Characters: 5 out of 5. This was the best part of the book, I thought. Sophie was interesting: struggling with her identity, with understanding the world she was in, but yet human. Empathetic. Relatable and funny, even, at times. She and her brother were definitely modern “fishes out of water;” she frequently texts him, just out of habit, even though there is no service in Stormwrack, but they adapt to the world as best they can.
The other characters are just as good (though I haven’t figured out why her birth mom is such a drama queen, but it may be a cultural thing). Parrish, the captain of her aunt’s ship and Sophie’s primary “love interest,” is enigmatic yet caring. At one point, I wondered if he was working with the “bad guys,” but the plot never pulls any tricks like that. The characters are set up and they grow rather than transform, which is why I’m looking forward to the sequel. There is so much to these characters that I’m looking forward to more.
Artwork: Subjective. The cover was what actually got me interested in this book to begin with. Along with the title, the dark haired woman, sailing while holding onto the rigging, and the darker haired, dark skinned companion at her side with a ferret on his shoulder made me curious. I haven’t run into many sailing fantasies (castle ones are much more common), and this presented the feel of the book without giving anything away.
World Building: 4 out of 5. This is the weakest area in the book, not because the world isn’t complex, but because there seemed to be some holes in the world’s logic. First, there is no map, even though the characters are constantly looking at maps and charts. The author has said she hasn’t done a map because there is too little land to map, and that she lacks the skill, but I think it would be well worth the investment. If there’s enough land for Sophie’s brother to label some of the islands at one point, there should be enough to put in a map of some sort.
The other problem I had with the world was the whole spellscript thing (their magic). It reminded me a bit of Ursula Le Guin’s Earthsea with the fascination with names, but it takes a person’s entire name to scrip them.
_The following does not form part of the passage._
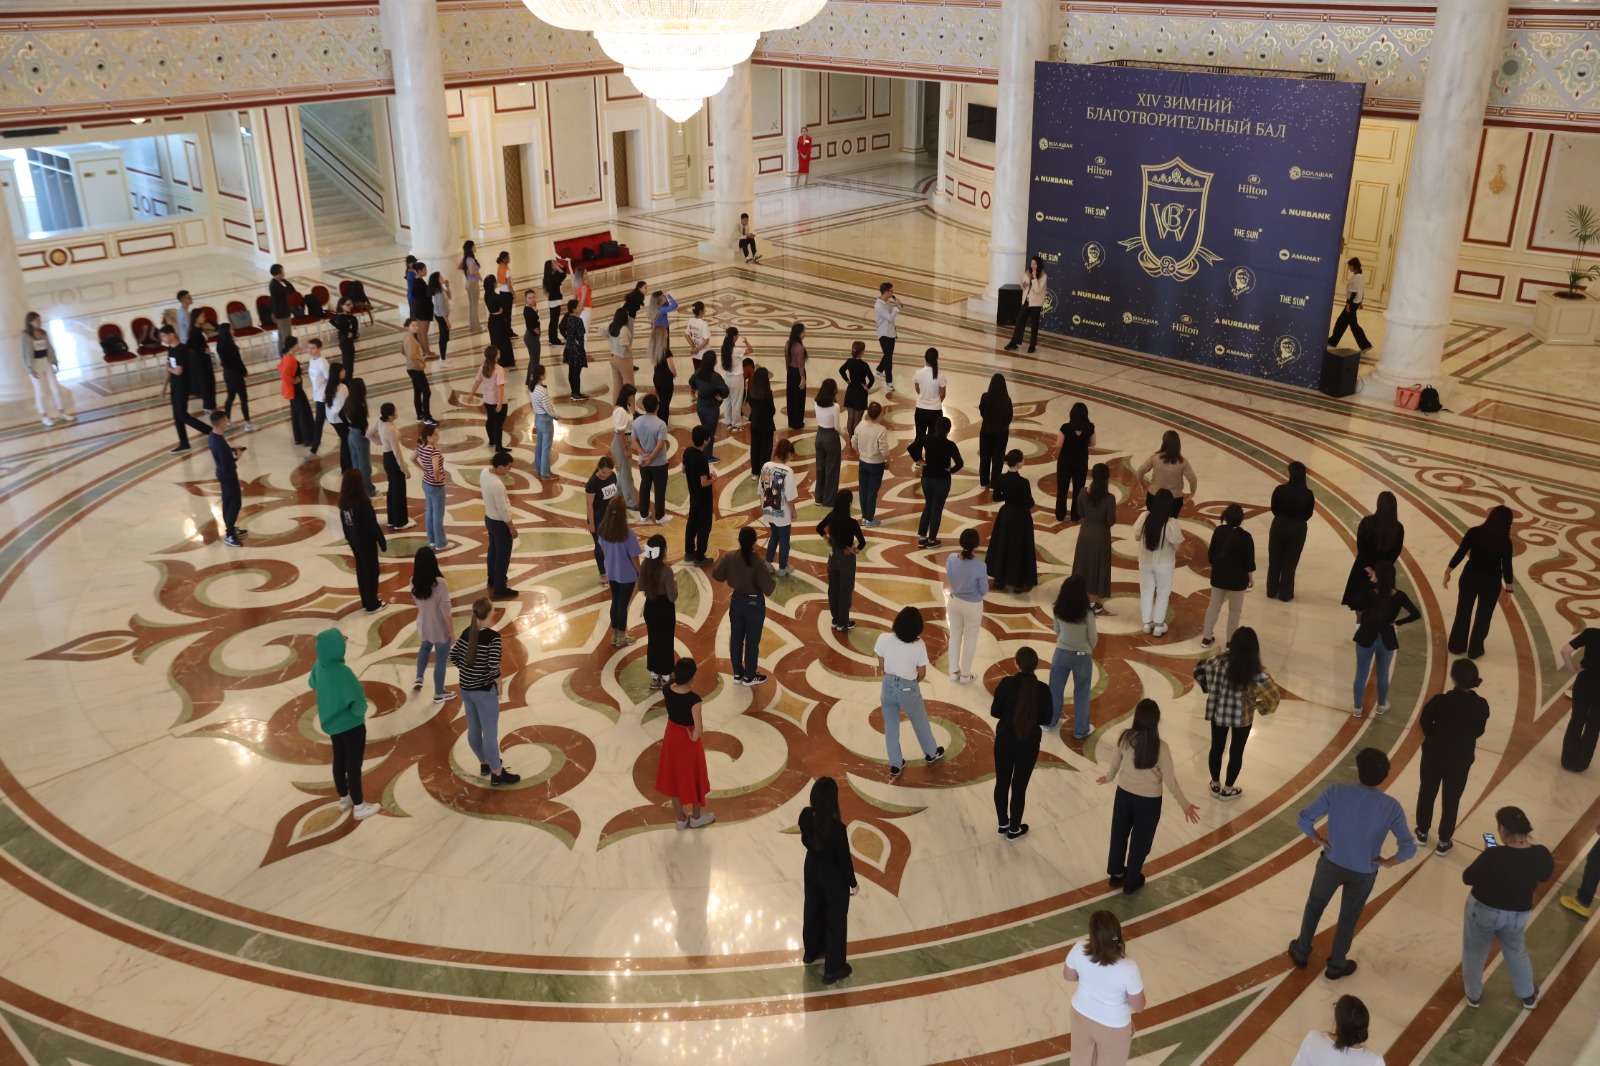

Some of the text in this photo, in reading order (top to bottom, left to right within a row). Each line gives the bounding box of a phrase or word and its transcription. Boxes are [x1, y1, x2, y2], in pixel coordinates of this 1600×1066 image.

Sophie gets scripped with her adopted name, though, not her birth name (if she had one), which seemed rather arbitary. Shouldn’t her name, the name that works with magic, involve who she really is? Or is her adopted name who she really is?
And how do animals, volcanoes, and ships get scripped? Do they also have proper names, or does it just have to be done to their skin/surface? It all seemed a bit hazy, and for something that the plot (and world) hinges on, I wanted more concrete facts.
Overall Response: 17 out of 20, or an average of 4.25. The world of the story was unique, the story was imaginative, and the characters were complex and entertaining. Despite its flaws, I would recommend Child of a Hidden Sea to anyone who enjoys a thoughtful, slower fantasy, where the climax isn’t a big battle but more of an intellectual, relational conflict, and I’m looking forward to reviewing the sequel later this year.